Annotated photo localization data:

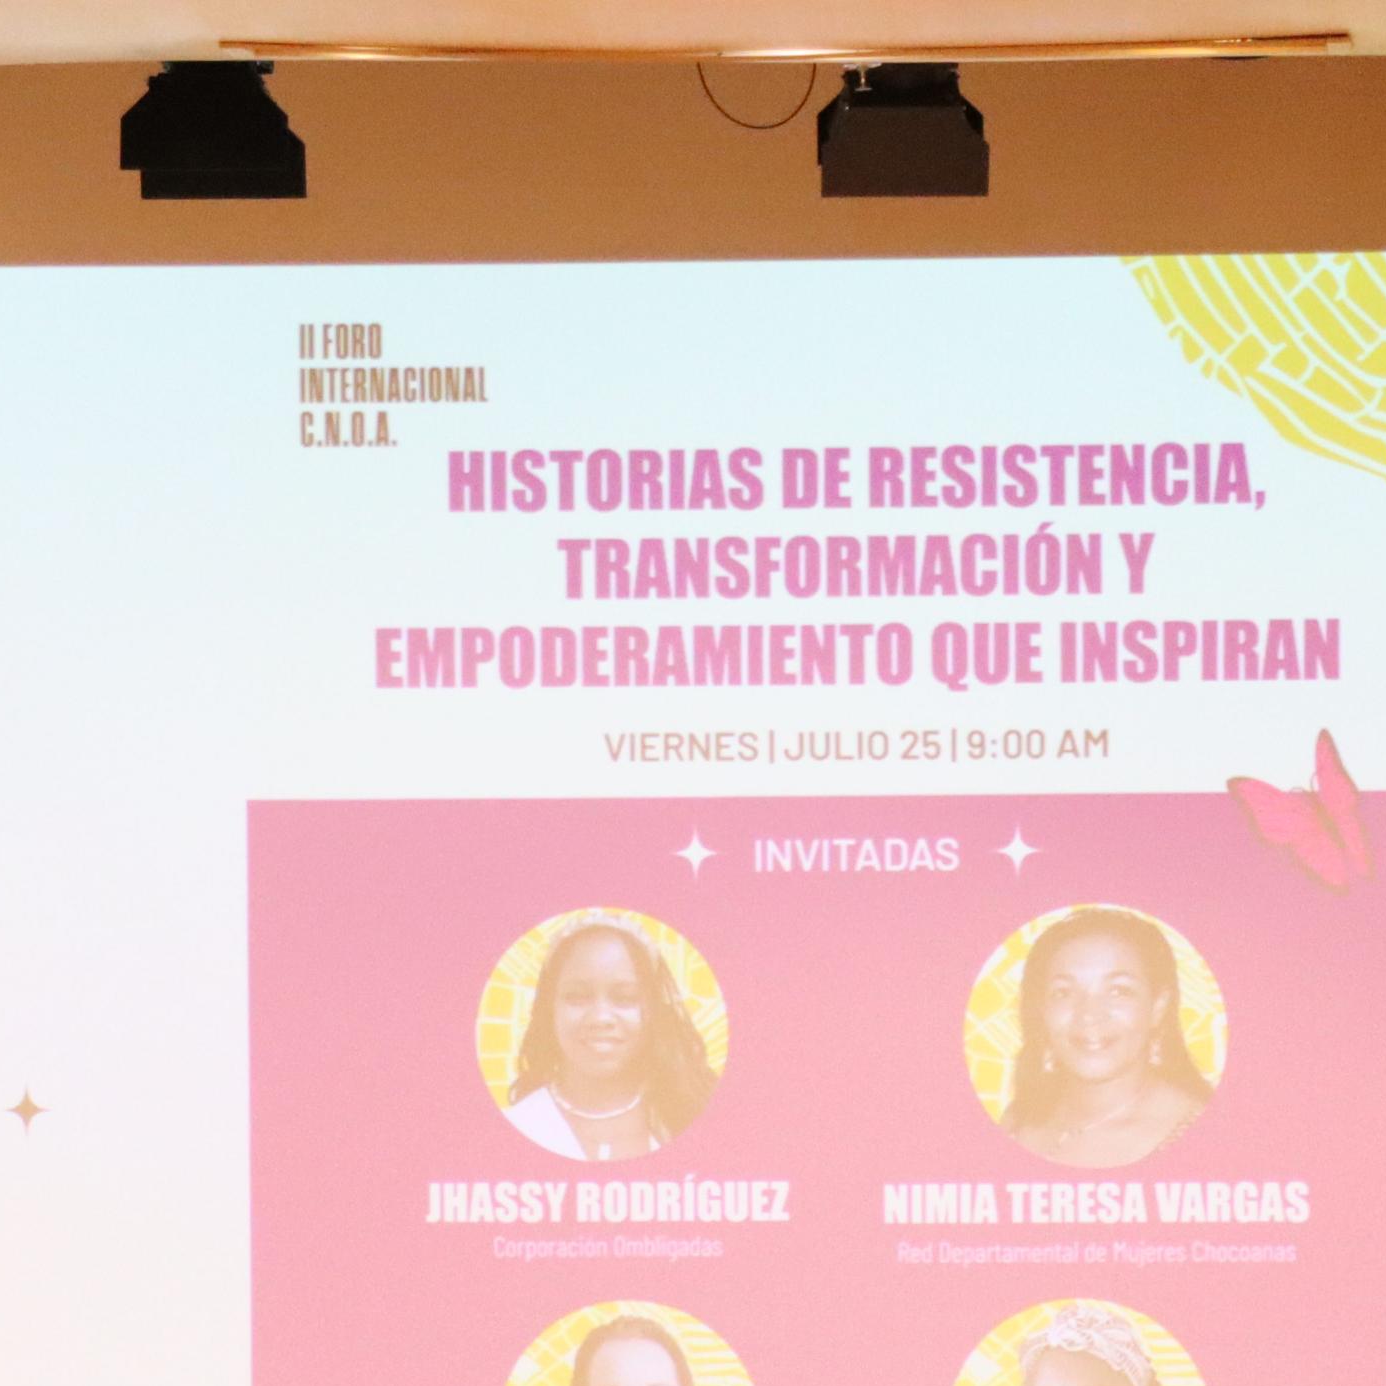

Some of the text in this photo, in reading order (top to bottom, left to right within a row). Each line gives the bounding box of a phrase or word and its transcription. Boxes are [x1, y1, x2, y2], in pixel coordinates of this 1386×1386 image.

[299, 323, 382, 359] II FORO
[299, 366, 488, 403] INTERNACIONAL
[300, 411, 397, 447] C.N.O.A.
[448, 442, 1265, 512] HISTORIAS DE RESISTENCIA,
[557, 521, 1155, 599] TRANSFORMACIÓN Y
[375, 618, 1340, 691] EMPODERAMIENTO QUE INSPIRAN
[604, 731, 759, 762] VIERNES
[784, 730, 889, 761] JULIO
[900, 730, 941, 760] 25
[966, 728, 1046, 759] 9:00
[1056, 729, 1109, 758] AM
[754, 837, 960, 872] INVITADAS
[425, 1174, 790, 1223] JHASSY RODRÍGUEZ
[883, 1181, 1310, 1224] NIMIA TERESA VARGAS
[493, 1235, 723, 1262] Corporación Ombligadas
[897, 1241, 1297, 1267] Red Departamental de Mujeres Chocoanas

> EXERCISE BRIEF: Give all entries again verbatim, without any images.

> RESULT FOR THIS EXERCISE:
Some of the text in this photo, in reading order (top to bottom, left to right within a row). Each line gives the bounding box of a phrase or word and its transcription. Boxes are [x1, y1, x2, y2], in pixel coordinates of this 1386×1386 image.

[299, 323, 382, 359] II FORO
[299, 366, 488, 403] INTERNACIONAL
[300, 411, 397, 447] C.N.O.A.
[448, 442, 1265, 512] HISTORIAS DE RESISTENCIA,
[557, 521, 1155, 599] TRANSFORMACIÓN Y
[375, 618, 1340, 691] EMPODERAMIENTO QUE INSPIRAN
[604, 731, 759, 762] VIERNES
[784, 730, 889, 761] JULIO
[900, 730, 941, 760] 25
[966, 728, 1046, 759] 9:00
[1056, 729, 1109, 758] AM
[754, 837, 960, 872] INVITADAS
[425, 1174, 790, 1223] JHASSY RODRÍGUEZ
[883, 1181, 1310, 1224] NIMIA TERESA VARGAS
[493, 1235, 723, 1262] Corporación Ombligadas
[897, 1241, 1297, 1267] Red Departamental de Mujeres Chocoanas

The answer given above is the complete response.